En ce qui concerne la raisonnabilité des restrictions à ces 3 droits, premièrement, la mesure, qui était susceptible de réduire la propagation du virus, poursuivait un objectif de santé publique urgent et réel. Au moment où elle a été prise, la situation sanitaire était hautement évolutive et les capacités hospitalières étaient à leur limite, ce qui rendait urgente l’application de mesures, dont le couvre-feu. Deuxièmement, il existe un lien rationnel entre le moyen choisi (le couvre-feu) et l’objectif recherché de diminuer les contacts pour limiter potentiellement la propagation du virus. Il n’y a pas d’incompatibilité entre le décret et sa loi habilitante.
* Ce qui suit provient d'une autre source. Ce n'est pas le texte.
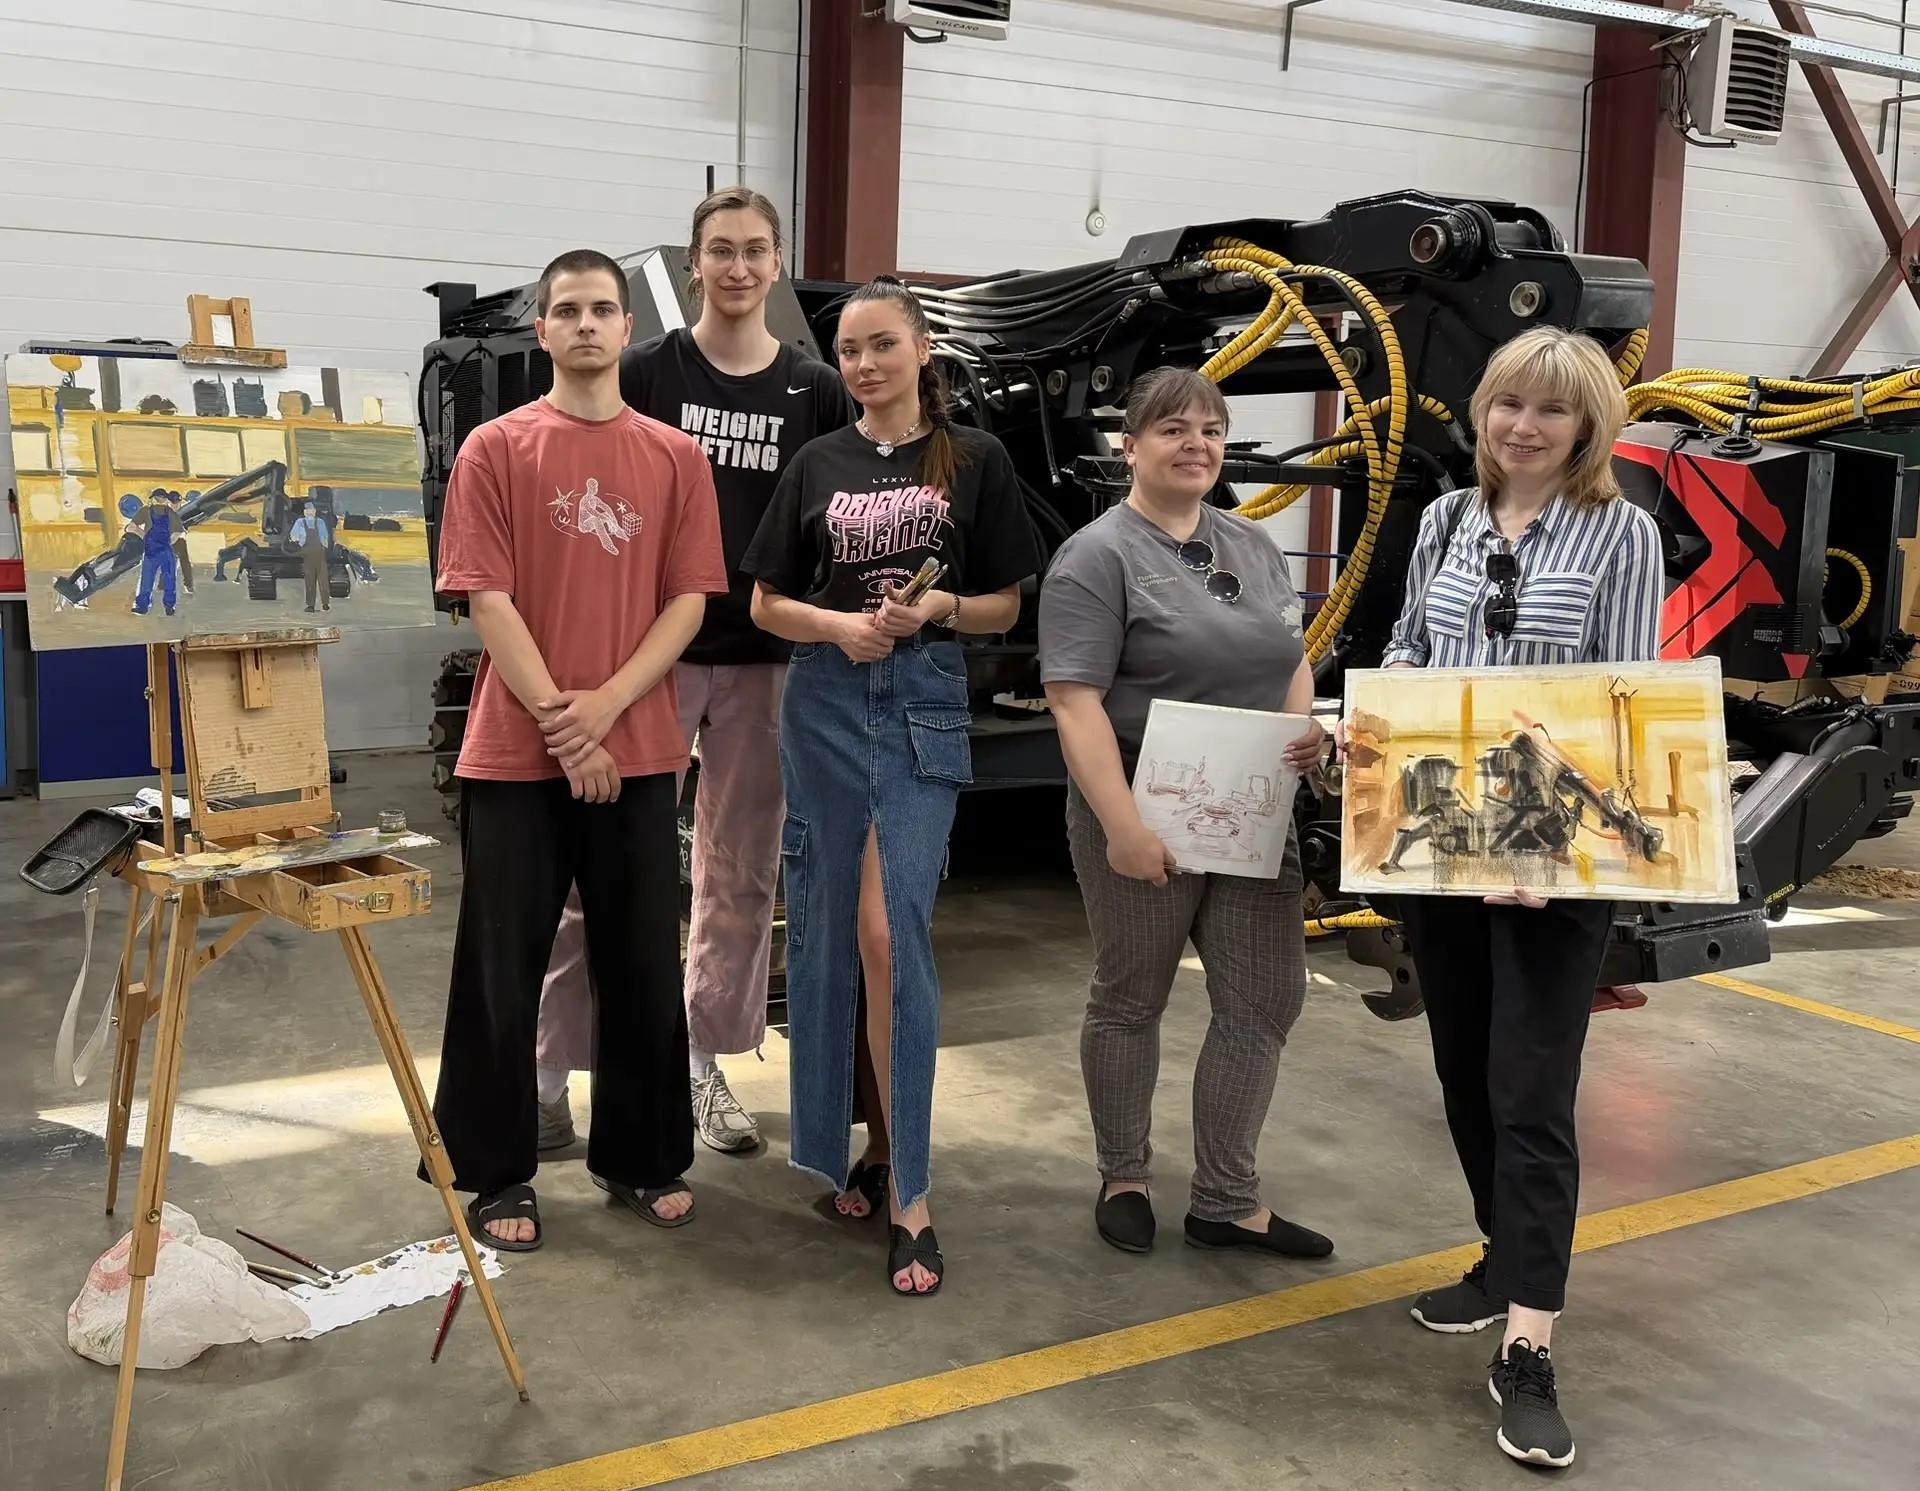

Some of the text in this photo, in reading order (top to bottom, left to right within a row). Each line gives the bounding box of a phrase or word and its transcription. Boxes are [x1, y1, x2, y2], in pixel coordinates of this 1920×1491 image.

[936, 20, 979, 31] VOLCANO
[681, 402, 785, 443] WEIGHT
[692, 433, 780, 473] FTING
[872, 476, 913, 484] LXXVI
[858, 567, 916, 582] UNIVERSAL
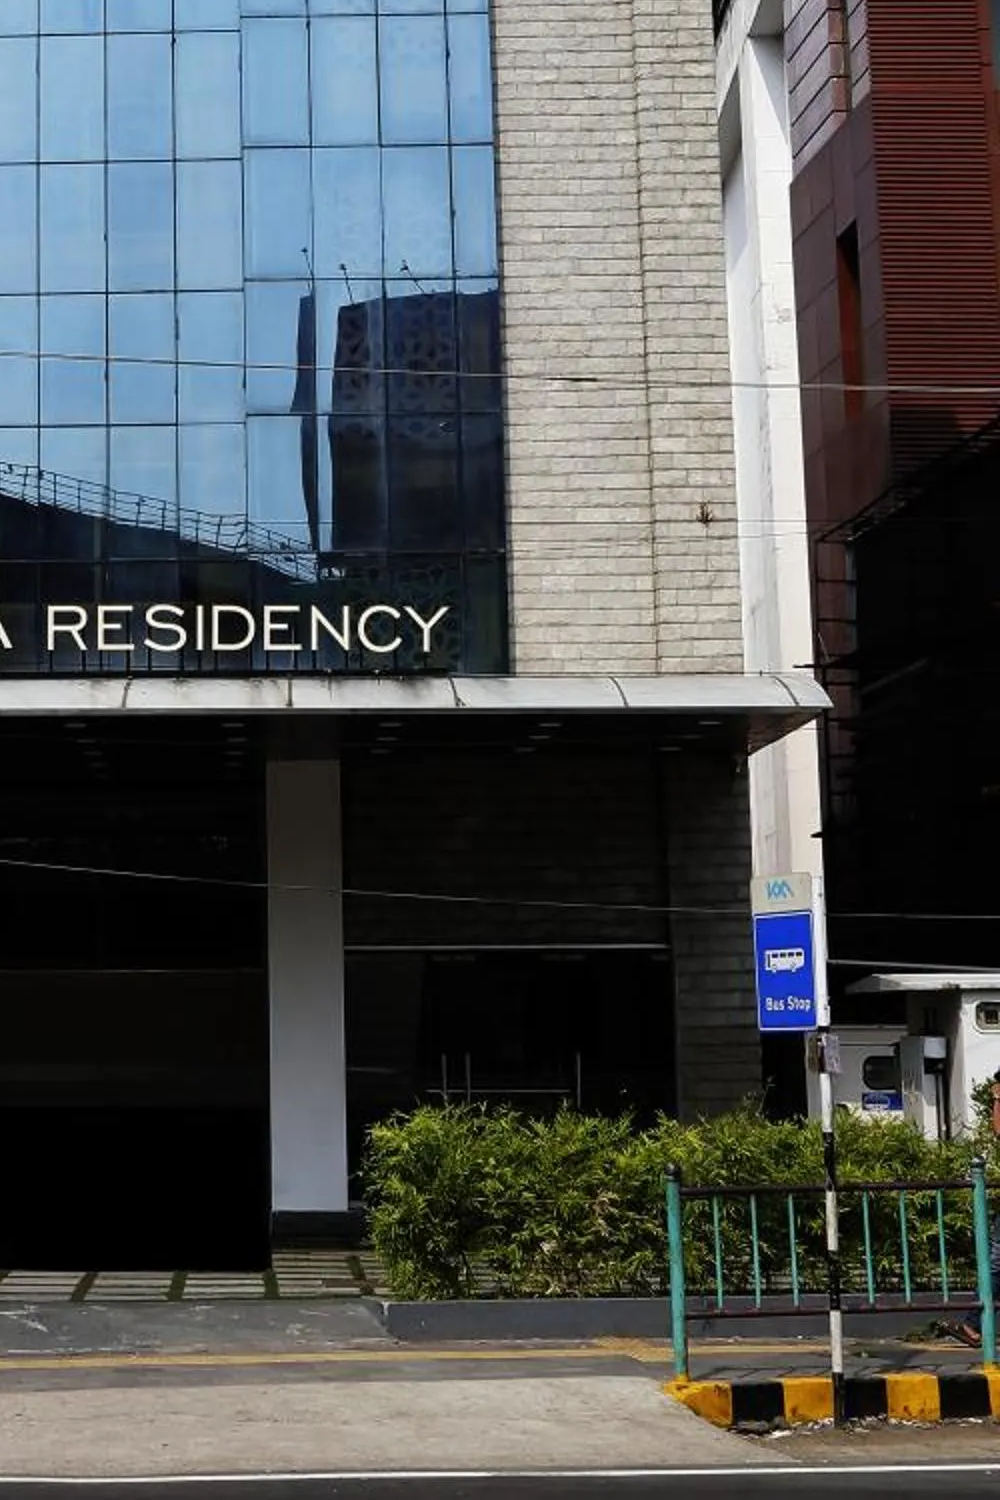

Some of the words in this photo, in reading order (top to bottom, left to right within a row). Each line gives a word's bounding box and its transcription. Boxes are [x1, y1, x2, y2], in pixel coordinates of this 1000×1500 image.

[46, 604, 451, 653] RESIDENCY
[765, 997, 785, 1011] Bus
[788, 995, 811, 1012] Stop
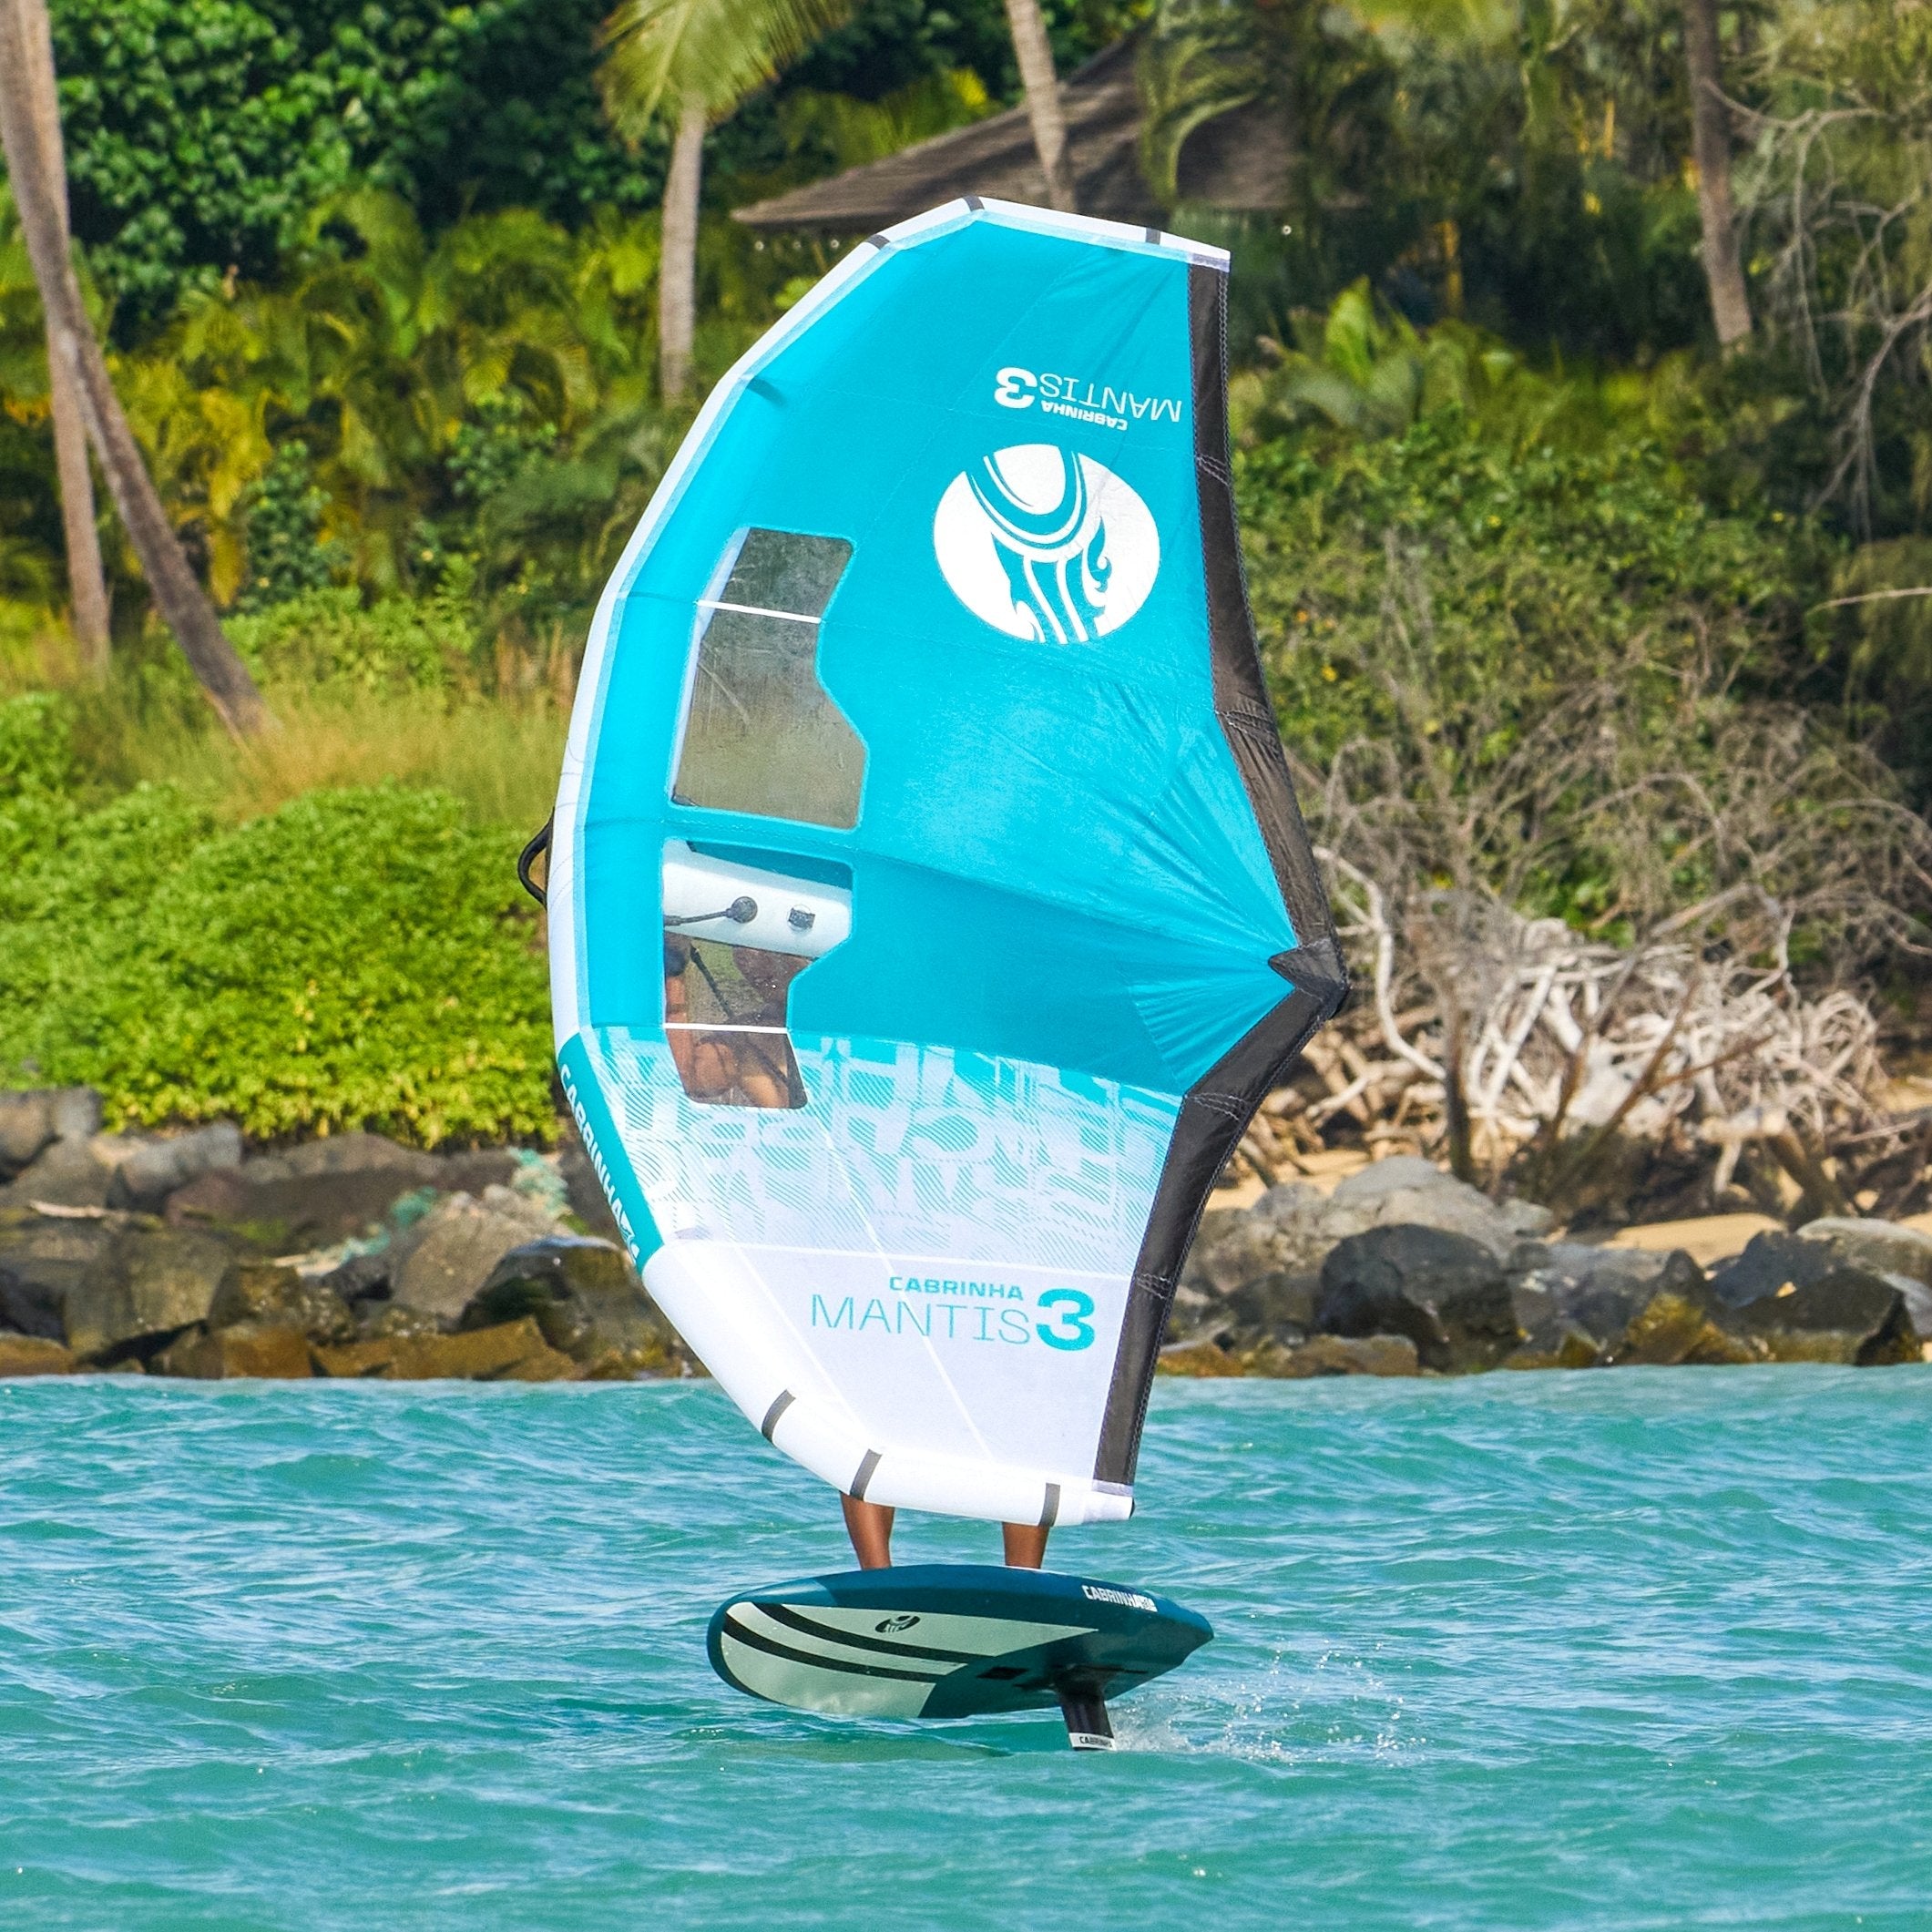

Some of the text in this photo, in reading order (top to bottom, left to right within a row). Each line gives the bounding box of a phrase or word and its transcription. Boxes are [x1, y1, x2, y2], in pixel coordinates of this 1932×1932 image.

Troisièmement, la mesure, qui comporte de nombreuses exceptions, porte le moins possible atteinte aux droits garantis. Le couvre-feu adopté par l’État constitue une limite raisonnable aux droits fondamentaux en cause. Quatrièmement, après avoir soupesé les effets bénéfiques du couvre-feu et ses effets préjudiciables, il y a lieu de conclure que les bénéfices dépassent les inconvénients de la restriction imposée aux droits fondamentaux, même dans le contexte d’une manifestation politique pacifique. Ainsi, malgré l’état des connaissances scientifiques de l’époque sur la COVID-19, combiné à une volonté de protéger les personnes vulnérables, la mesure contestée dans le décret 2-2021, soit le couvre-feu, porte atteinte au droit à la liberté d’expression, à la liberté de réunion pacifique et à la liberté des défendeurs. Or, ces atteintes sont raisonnables et justifiées au sens des articles 1 de la charte canadienne et 9.1 de la charte québécoise. La déclaration de culpabilité des défendeurs est maintenue.